Owt Good On, Mam? – Bear Special
[previous Owt Good Ons: The Three L’s]
As I try to find my way back home, wandering lost through the ill-lit subterranean tunnels of British variety, it’s clear the 1980s were a boom period for puppet sidekicks, and 40 years on, the big boys of felt ‘n’ stuffing remain household names; Orville and Cuddles, Emu, Basil Brush, Sooty’s gang, the lads off Rainbow. Slightly less culturally significant but firmly atop the B-list is Nookie Bear. “Haha,” you’re thinking, “nookie is another word for sex! You know; when a man’s nob gets bigger!” Yes, you oaf, you are correct, and just imagine how embarrassed ventriloquist Roger De Courcey was when he realised. Roger’s another star from the talent show breeding grounds, as winner of the 1976 New Faces, and his double-act with Nookie rode the usual carousel of chat shows and Royal Varieties, even releasing a single in 1978, with Nookie’s Song.

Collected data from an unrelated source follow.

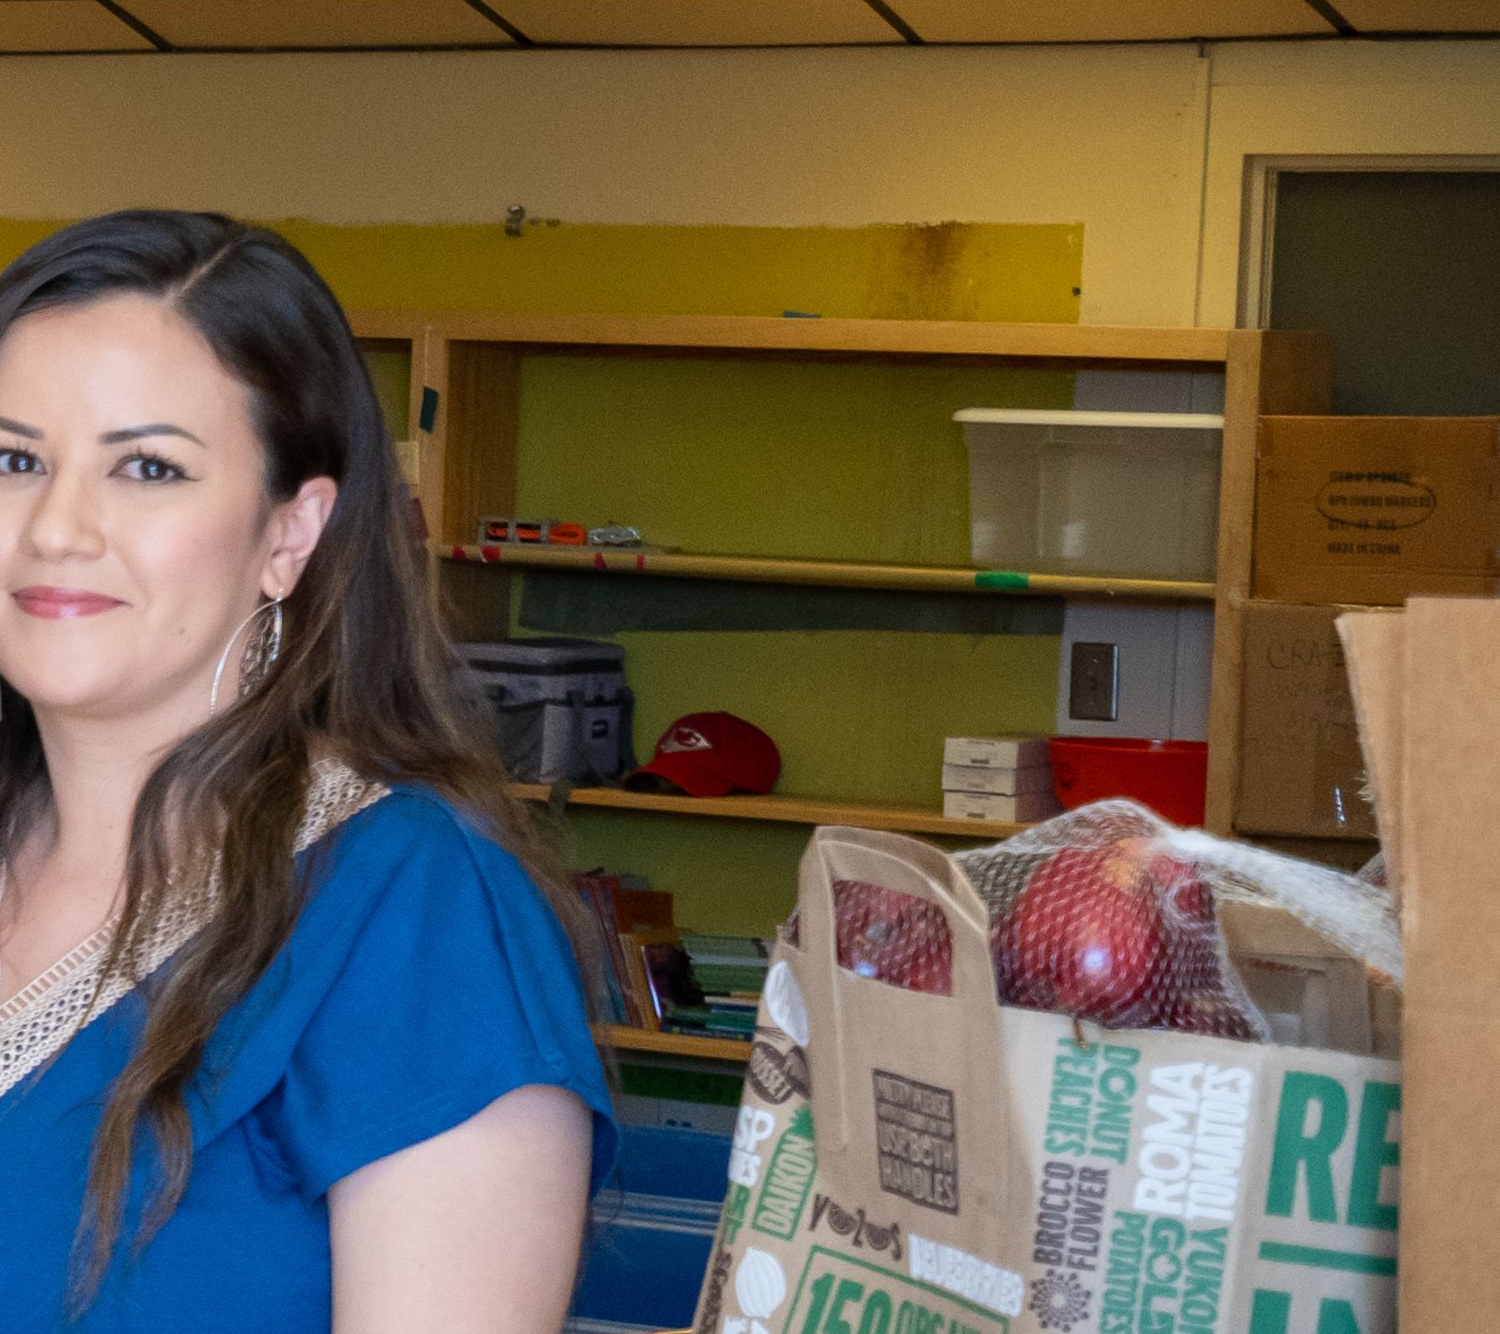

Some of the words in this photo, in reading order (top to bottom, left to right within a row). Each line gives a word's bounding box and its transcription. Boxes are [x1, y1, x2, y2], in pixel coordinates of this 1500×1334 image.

[1045, 1036, 1100, 1158] PEACHES
[1090, 1043, 1142, 1165] DONUT
[1133, 1062, 1205, 1216] ROMA
[1185, 1064, 1255, 1222] TOMATOES
[756, 1133, 814, 1235] DAIKON
[1032, 1161, 1076, 1267] BROCCO
[1068, 1166, 1110, 1271] FLOWER

The three-minute novelty record functions as an origin story, with Roger “just about to rise” one Sunday morning (I bet you were, you dirty old bollocks), to see a bear “peeping round the bedpost.” Admirably, Nookie’s lines still have that clipped ventriloquist impediment, pronouncing my as nigh and the like. Roger, mate, nobody can see your lips on a seven inch, just go nuts. He dubs the nameless bear Nookie, thus setting up a long showbiz career based around intercourse innuendo, exemplified by lyrics like “take a look around, you’ll see Nookie everywhere” and “we all love a little Nookie bear (bare)” Though there is a cracking gag about doing farmyard impressions. “Noises?” asks Roger. “No,” says Nookie, “smells.” The pair landed their own series aimed at children on Southern Television in 1981, the first episode of which I’ll be watching.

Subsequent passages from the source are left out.